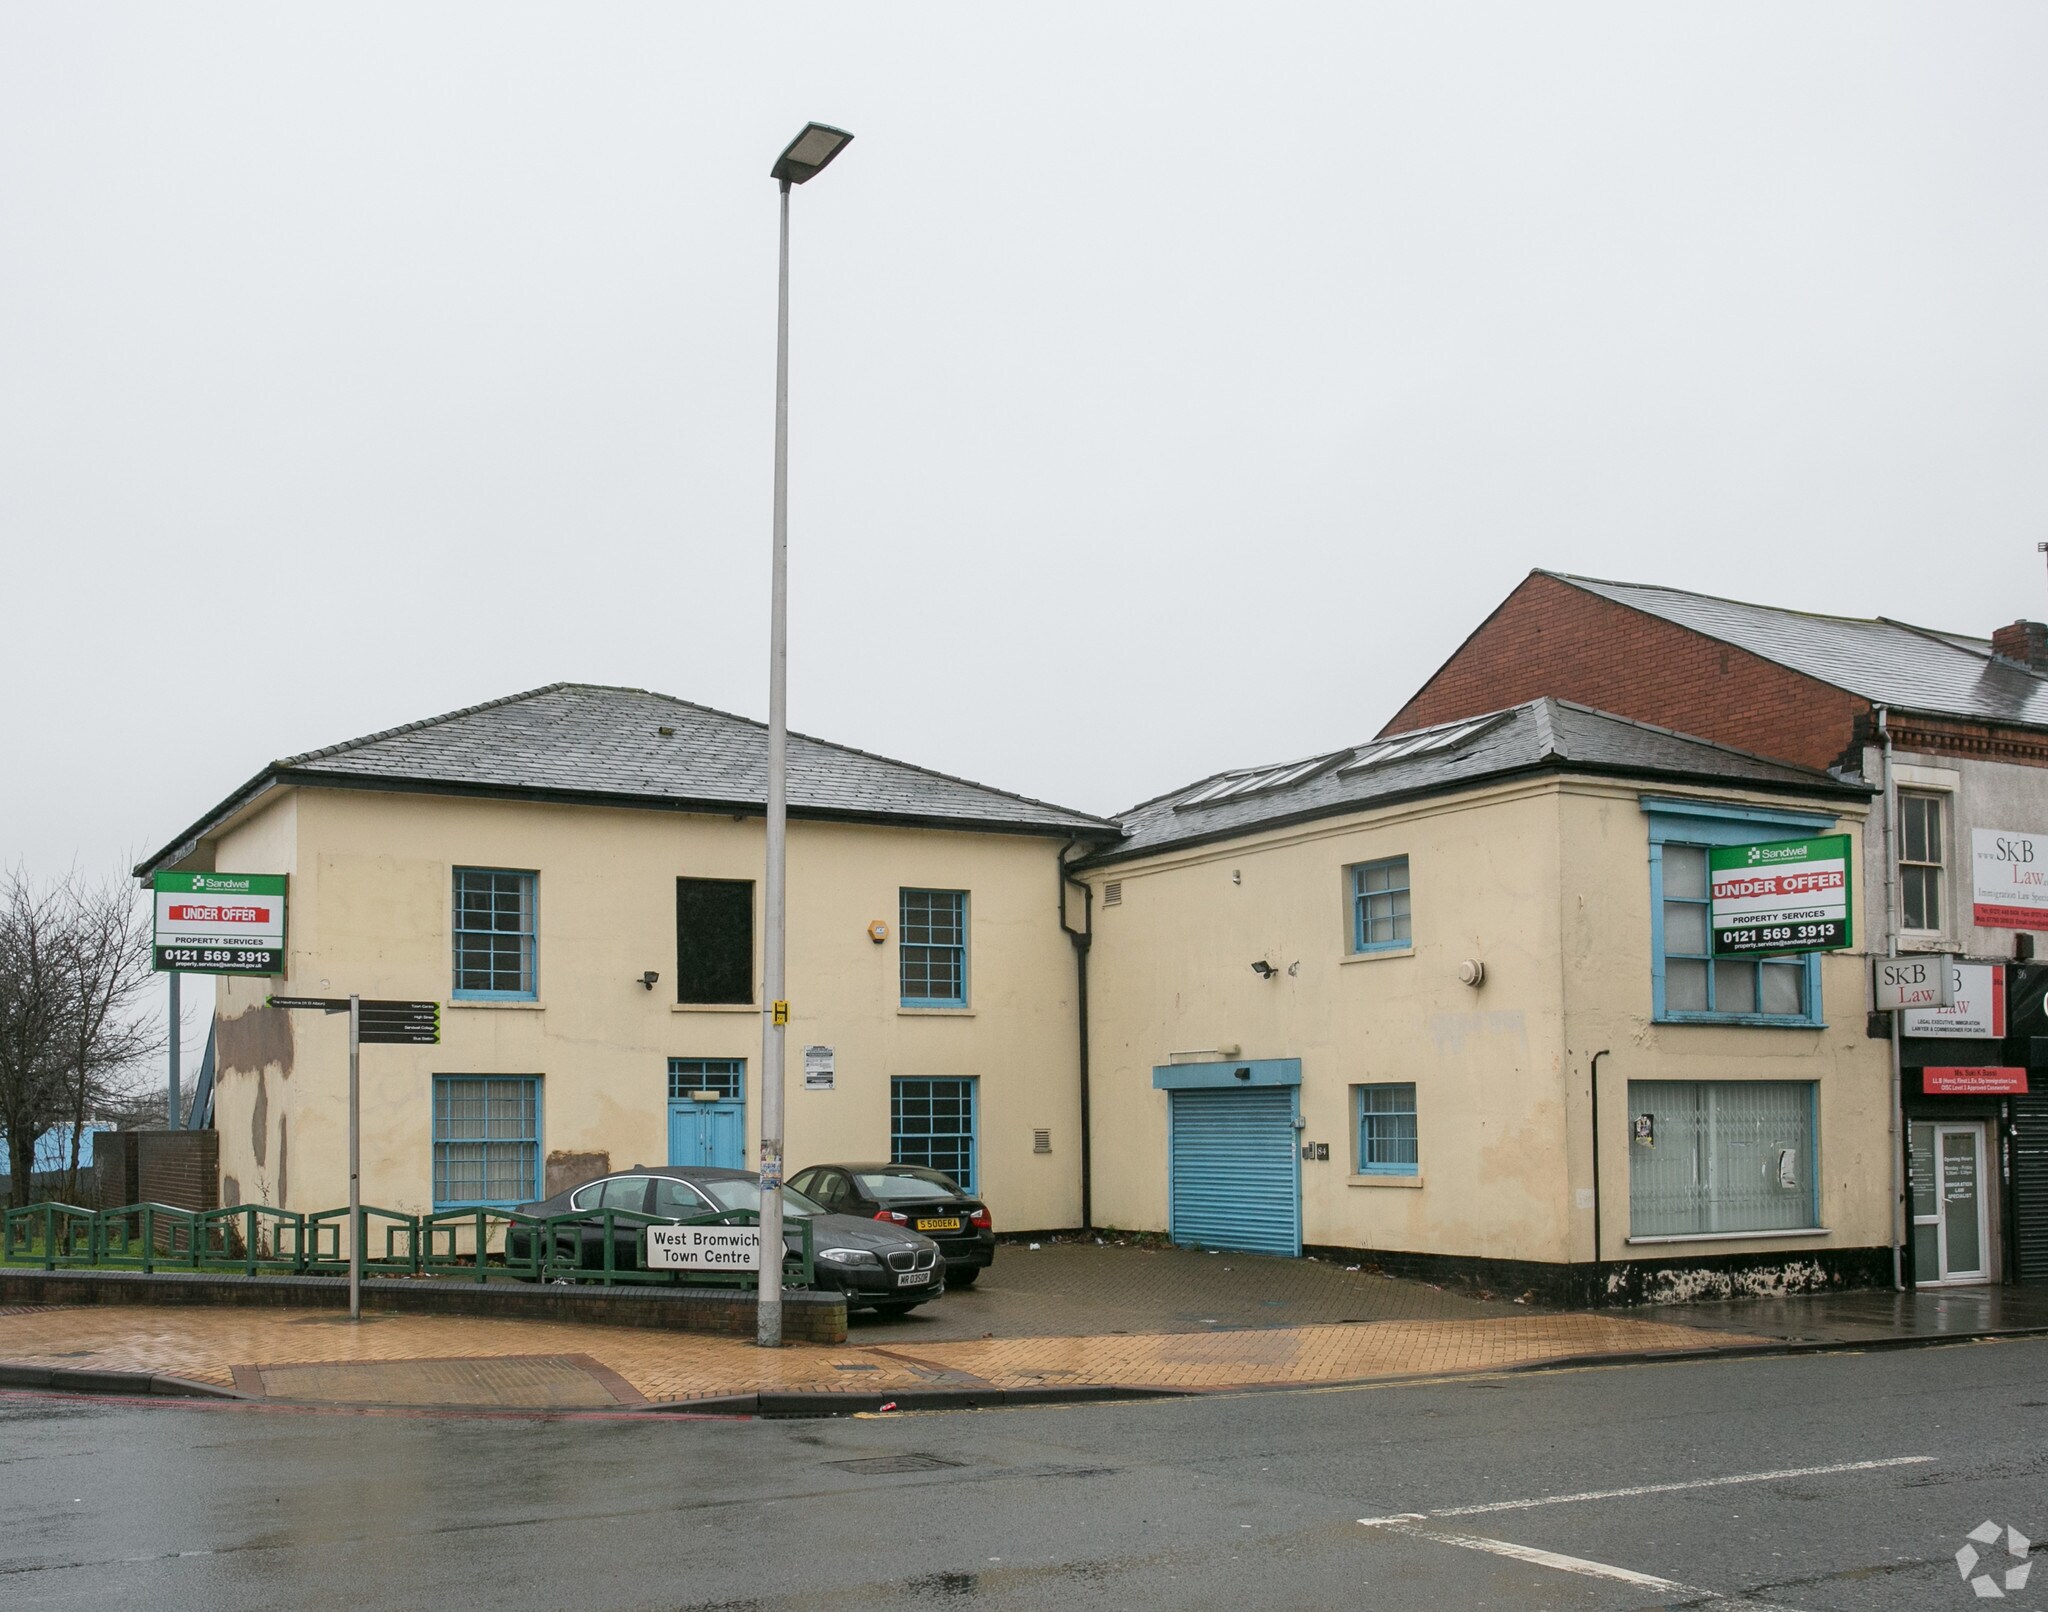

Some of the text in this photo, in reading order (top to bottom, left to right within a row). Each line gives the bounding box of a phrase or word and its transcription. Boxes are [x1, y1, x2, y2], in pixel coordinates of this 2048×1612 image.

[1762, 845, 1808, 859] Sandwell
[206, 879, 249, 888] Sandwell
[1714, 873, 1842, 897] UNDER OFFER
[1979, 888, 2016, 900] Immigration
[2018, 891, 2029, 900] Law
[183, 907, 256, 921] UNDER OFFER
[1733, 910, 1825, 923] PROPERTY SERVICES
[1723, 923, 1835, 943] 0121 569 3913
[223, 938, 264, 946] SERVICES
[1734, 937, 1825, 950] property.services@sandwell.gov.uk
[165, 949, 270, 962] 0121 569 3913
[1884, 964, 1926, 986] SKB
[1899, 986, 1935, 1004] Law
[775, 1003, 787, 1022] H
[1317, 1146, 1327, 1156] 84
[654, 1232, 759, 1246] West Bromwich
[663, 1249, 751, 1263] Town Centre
..............................
# TASK DESCRIPTION:
All of the listing is to be written out exactly, with the pictures left out.

# RESULT:
Some of the text in this photo, in reading order (top to bottom, left to right within a row). Each line gives the bounding box of a phrase or word and its transcription. Boxes are [x1, y1, x2, y2], in pixel coordinates of this 2048×1612 image.

[1762, 845, 1808, 859] Sandwell
[206, 879, 249, 888] Sandwell
[1714, 873, 1842, 897] UNDER OFFER
[1979, 888, 2016, 900] Immigration
[2018, 891, 2029, 900] Law
[183, 907, 256, 921] UNDER OFFER
[1733, 910, 1825, 923] PROPERTY SERVICES
[1723, 923, 1835, 943] 0121 569 3913
[223, 938, 264, 946] SERVICES
[1734, 937, 1825, 950] property.services@sandwell.gov.uk
[165, 949, 270, 962] 0121 569 3913
[1884, 964, 1926, 986] SKB
[1899, 986, 1935, 1004] Law
[775, 1003, 787, 1022] H
[1317, 1146, 1327, 1156] 84
[654, 1232, 759, 1246] West Bromwich
[663, 1249, 751, 1263] Town Centre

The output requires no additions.